Transportation expert Hitoshi Ieda of the East Asia Society of Transportation Studies (EASTS) said the extensive train network that had linked Greater Jakarta could not work effectively without an inner-city transportation system.
"This is the biggest problem that most commuters would have once they arrived in the city. A good inner-city public transportation system, like the busway, should be available near train stations so they can reach their destinations easily," he told reporters Friday.
The experts also discussed the importance of developing public transportation as opposed to building more roads in Jakarta.
EASTS president Kyung Soo Chon said traffic congestion could not justify the building of more roads in the city, including elevated ones.
"Building a road in the city is not environmentally sound as it only invites more cars and produces more air pollution in the city," he said.
He said elevated roads made things even worse, as for aesthetic purposes it would be nicer to have a city of trees as scenery rather than overhead roads.
Chairman of the Indonesian Transportation Society Bambang Susantono said road construction would only be appropriate for the outskirts of the city.
"A good public transportation system is enough to link the inner part of the city. The administration and the central government should be consistent in developing it," he said.

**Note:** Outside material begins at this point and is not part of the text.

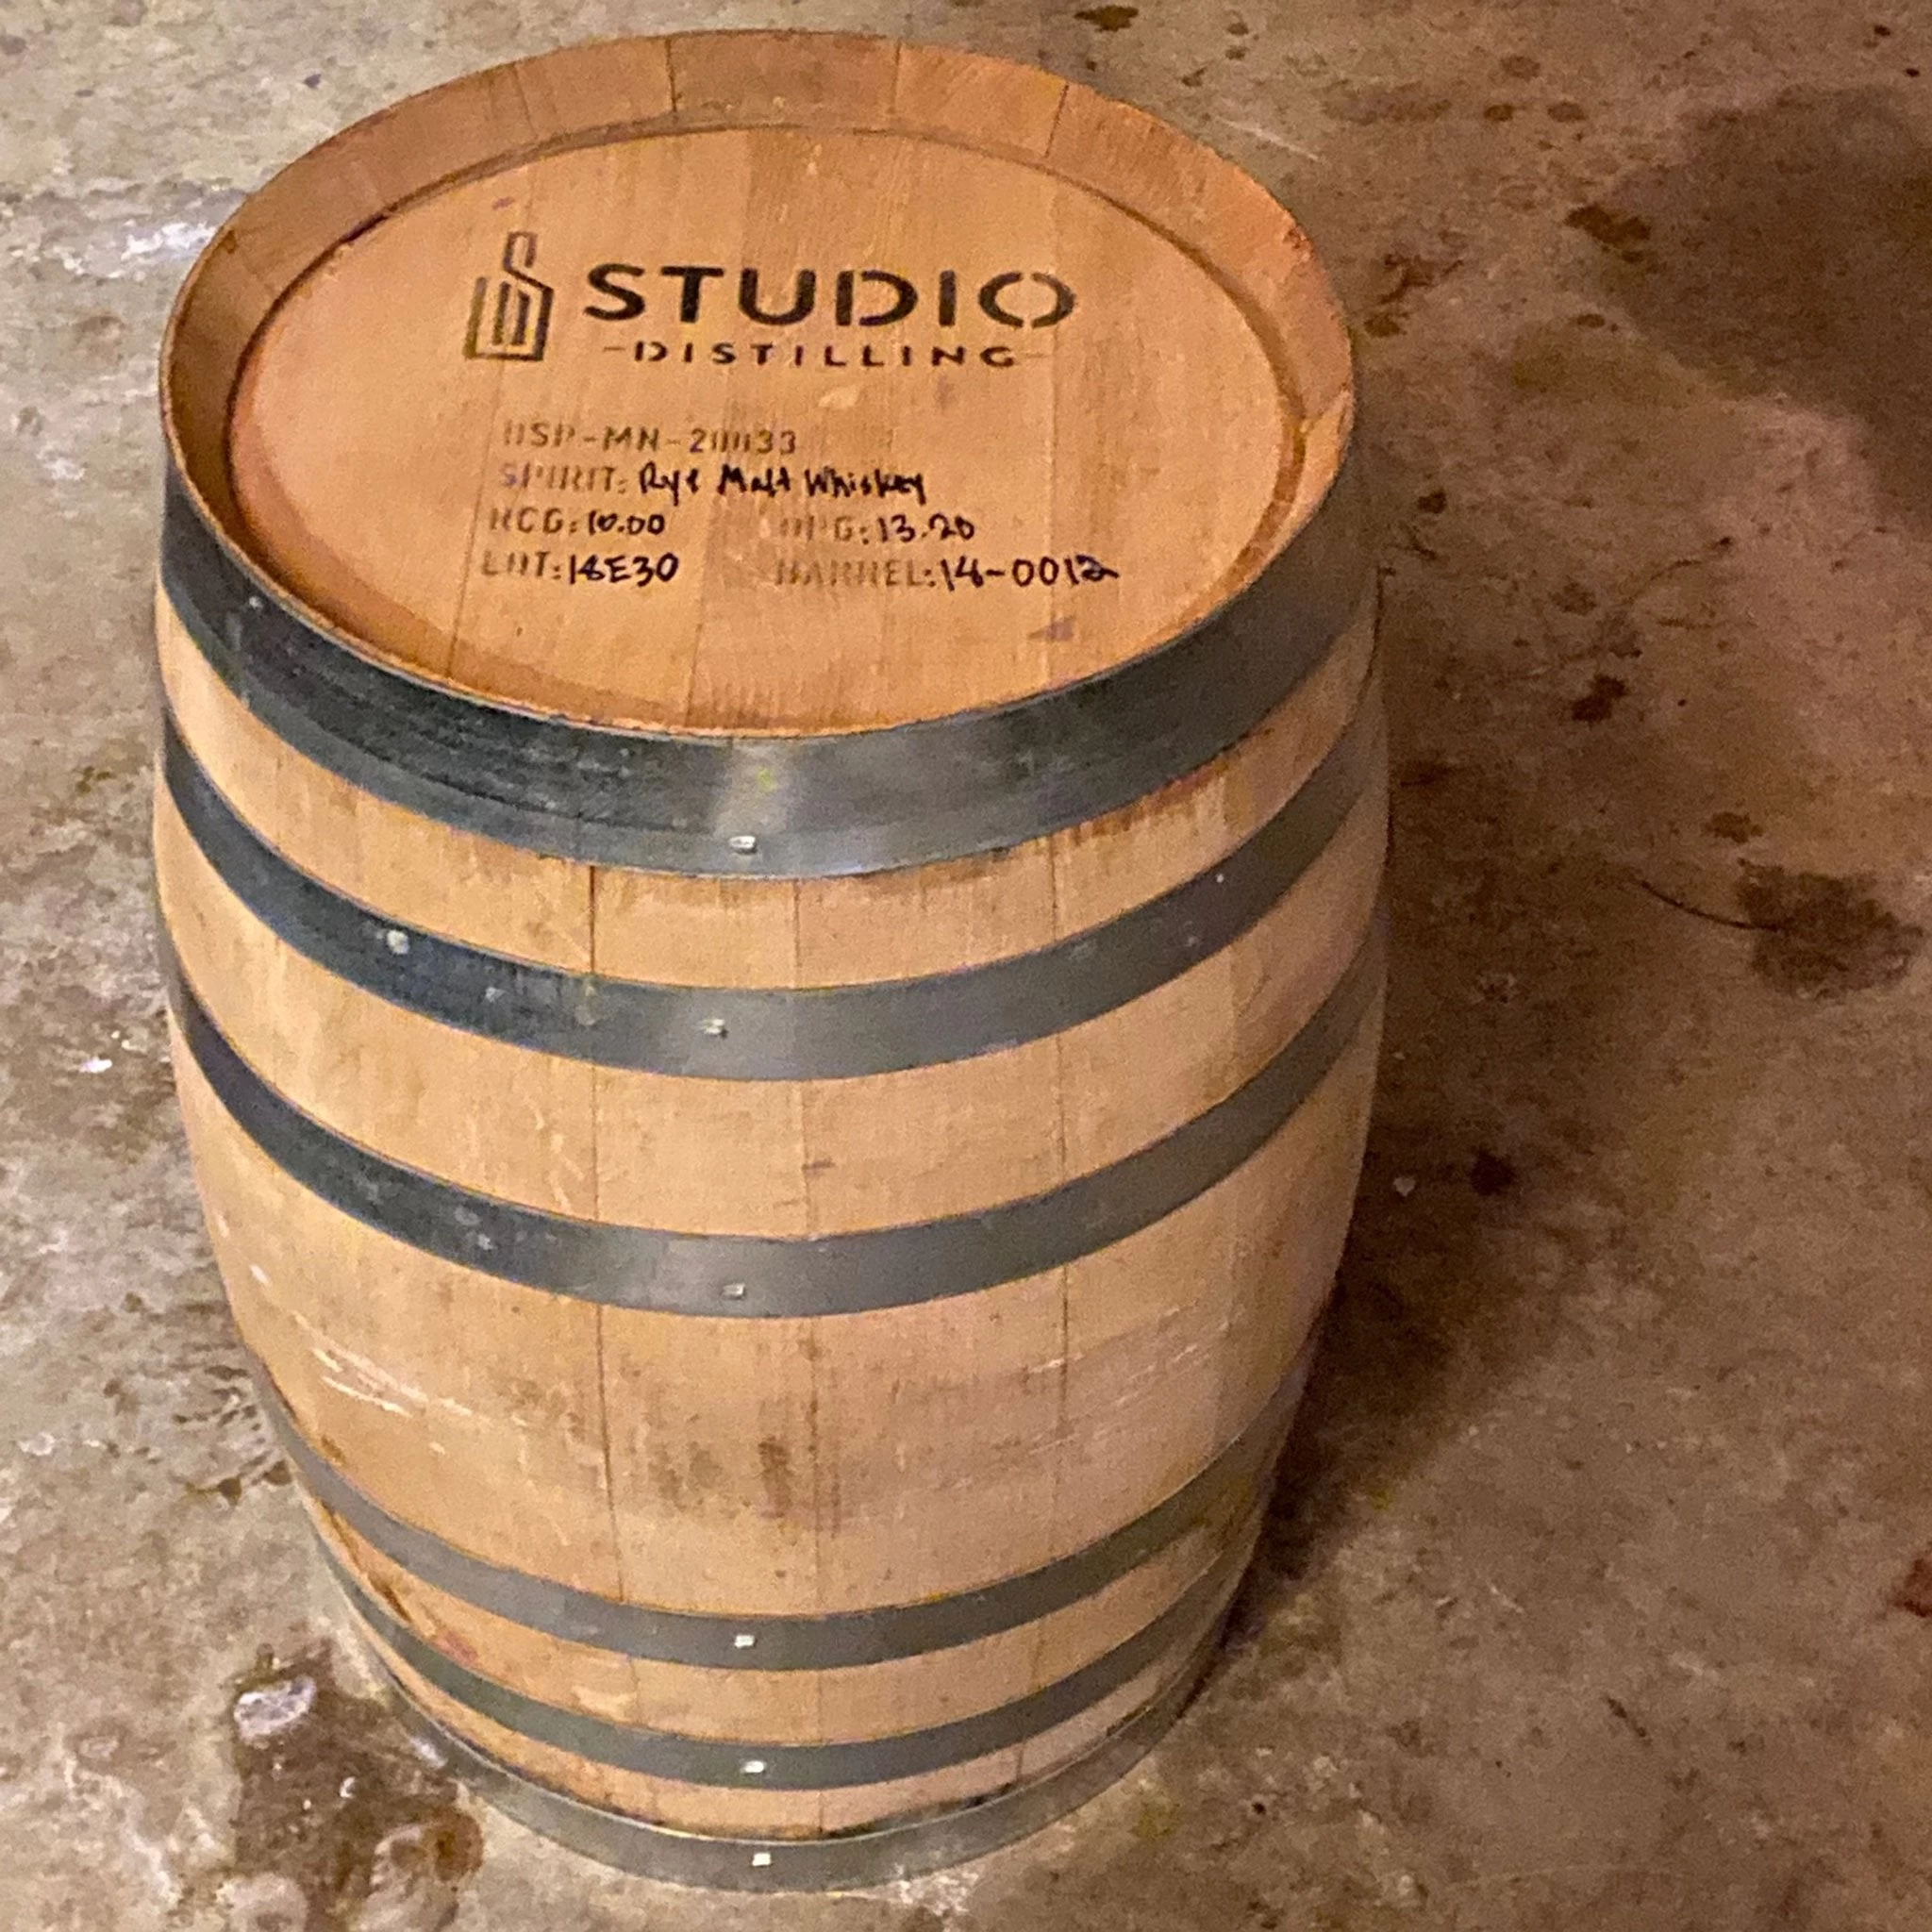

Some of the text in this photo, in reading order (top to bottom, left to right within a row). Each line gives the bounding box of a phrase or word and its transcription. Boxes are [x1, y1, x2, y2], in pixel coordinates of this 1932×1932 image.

[583, 262, 1077, 328] STUDIO
[634, 341, 1016, 367] DISTILLING
[639, 460, 699, 507] Rye
[804, 466, 926, 506] Whiskey

Bambang said it would be better to spend the Rp 40 trillion planned for constructing more elevated roads next year to establish a rail-based rapid transit system linking the eastern and western parts of the city.

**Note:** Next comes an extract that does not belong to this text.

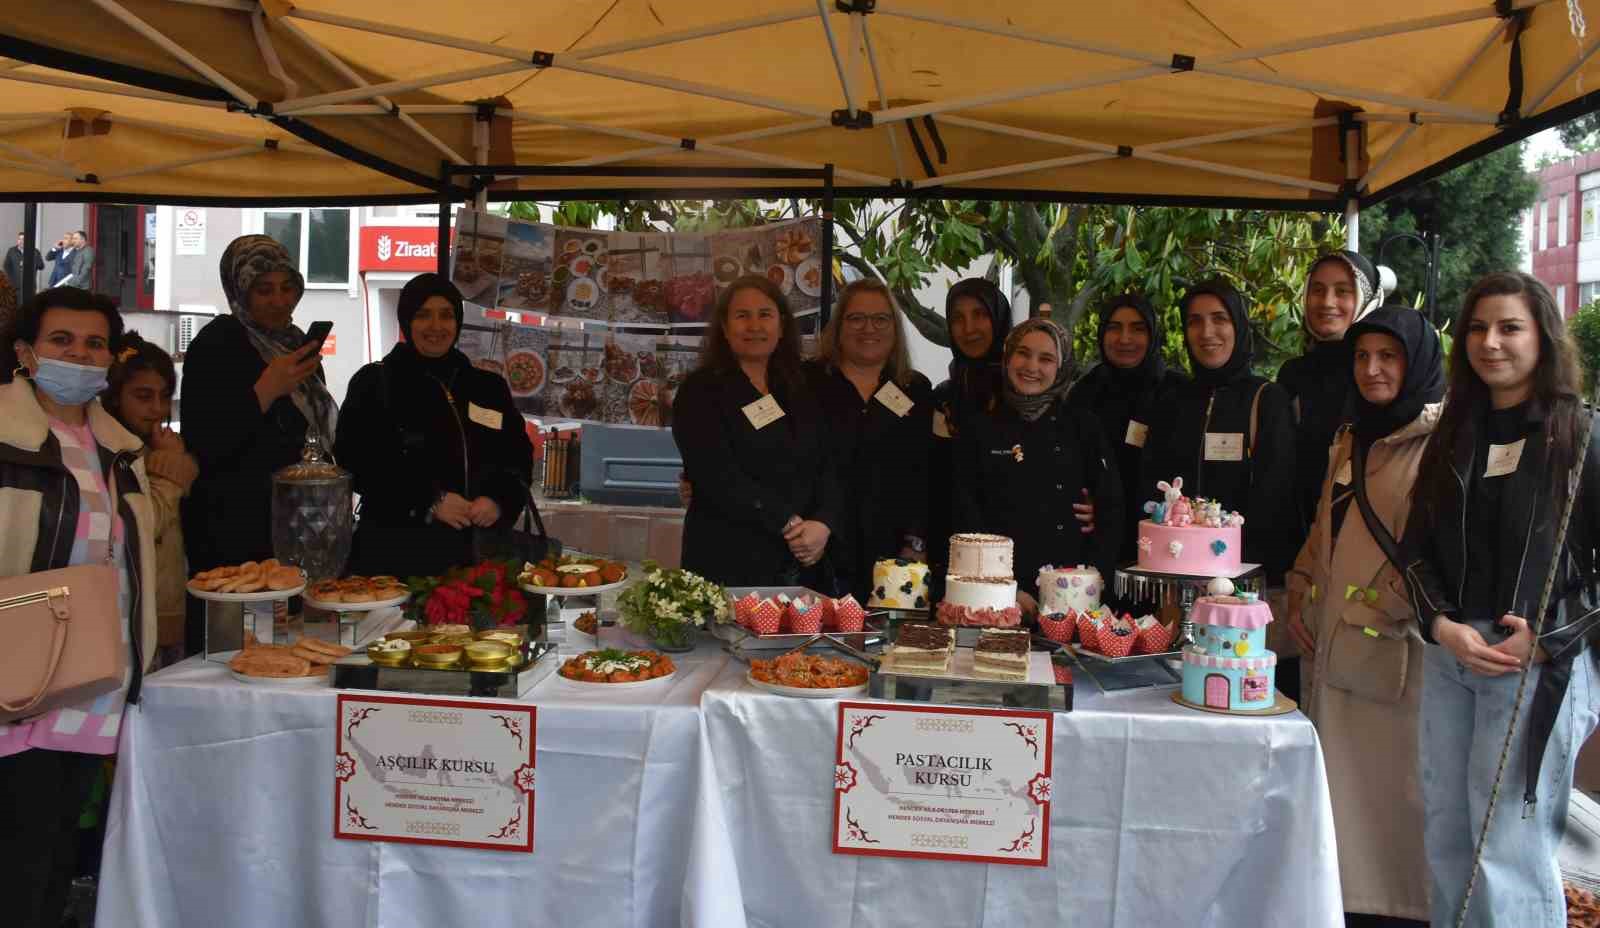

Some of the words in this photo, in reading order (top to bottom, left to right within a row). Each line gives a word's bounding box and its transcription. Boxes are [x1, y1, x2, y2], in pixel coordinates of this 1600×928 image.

Hitoshi said if all public transportation systems were well integrated and carried sufficient passengers, inner-city congestion would ease.
Jakarta is one of Asia's megacities with abundant private vehicles. An international collaborative study conducted in Asia in 2004 under the STREAM project showed Jakarta had the second-highest motorcycle ownership among seven countries observed, with 339 units for every 1,000 people.

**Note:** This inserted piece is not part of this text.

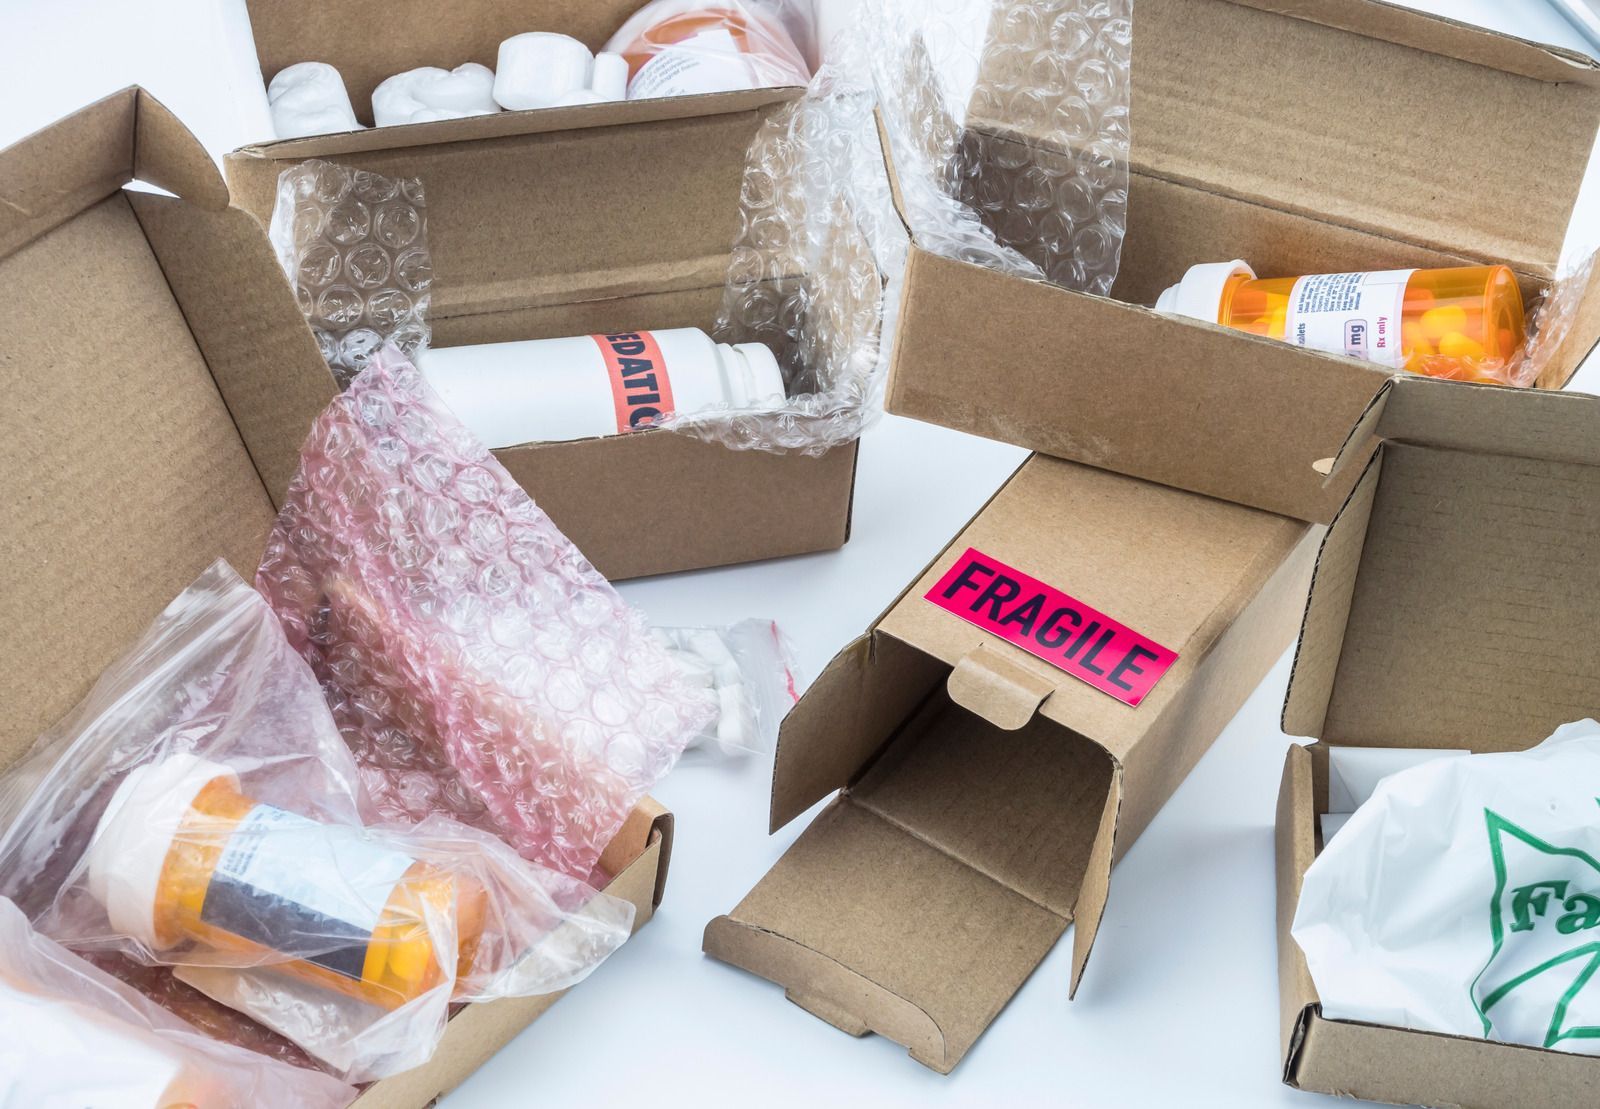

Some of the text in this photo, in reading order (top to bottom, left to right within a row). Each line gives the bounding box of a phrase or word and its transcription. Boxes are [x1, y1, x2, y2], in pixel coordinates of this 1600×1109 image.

[1351, 325, 1364, 346] mg
[1377, 316, 1388, 348] Rx only
[942, 561, 1159, 692] FRAGILE

Jakarta also had about 180 cars per 1,000 people, far higher than Shanghai's 50.
The high private vehicle ownership is the consequence of the high property prices that force people working in Jakarta to live in neighboring cities, the study said.
The study also showed the population in Greater Jakarta from 1980 to 2000 relatively constant at around 7 to 8 million people, while the population in neighboring cities grew from 9 million in 1990 to about 14 million in 2000.
This has driven more people commuting to the city every day.
Jakarta has various means of public transportation, from minivans to the latest busway system.
However, these have yet to provide a fast and reliable service that entices residents into leaving their cars and motorcycles at home.
To answer the growing public complaints on the worsening congestion over the years, the central government and the city administration has agreed to build six inner city toll roads, which will cost the central government and city administration Rp 40 trillion.
The Japan Bank for International Cooperation has agreed to finance the Tanjung Priok turnpike that would span from Rorotan in North Jakarta to the Tanjung Priok port.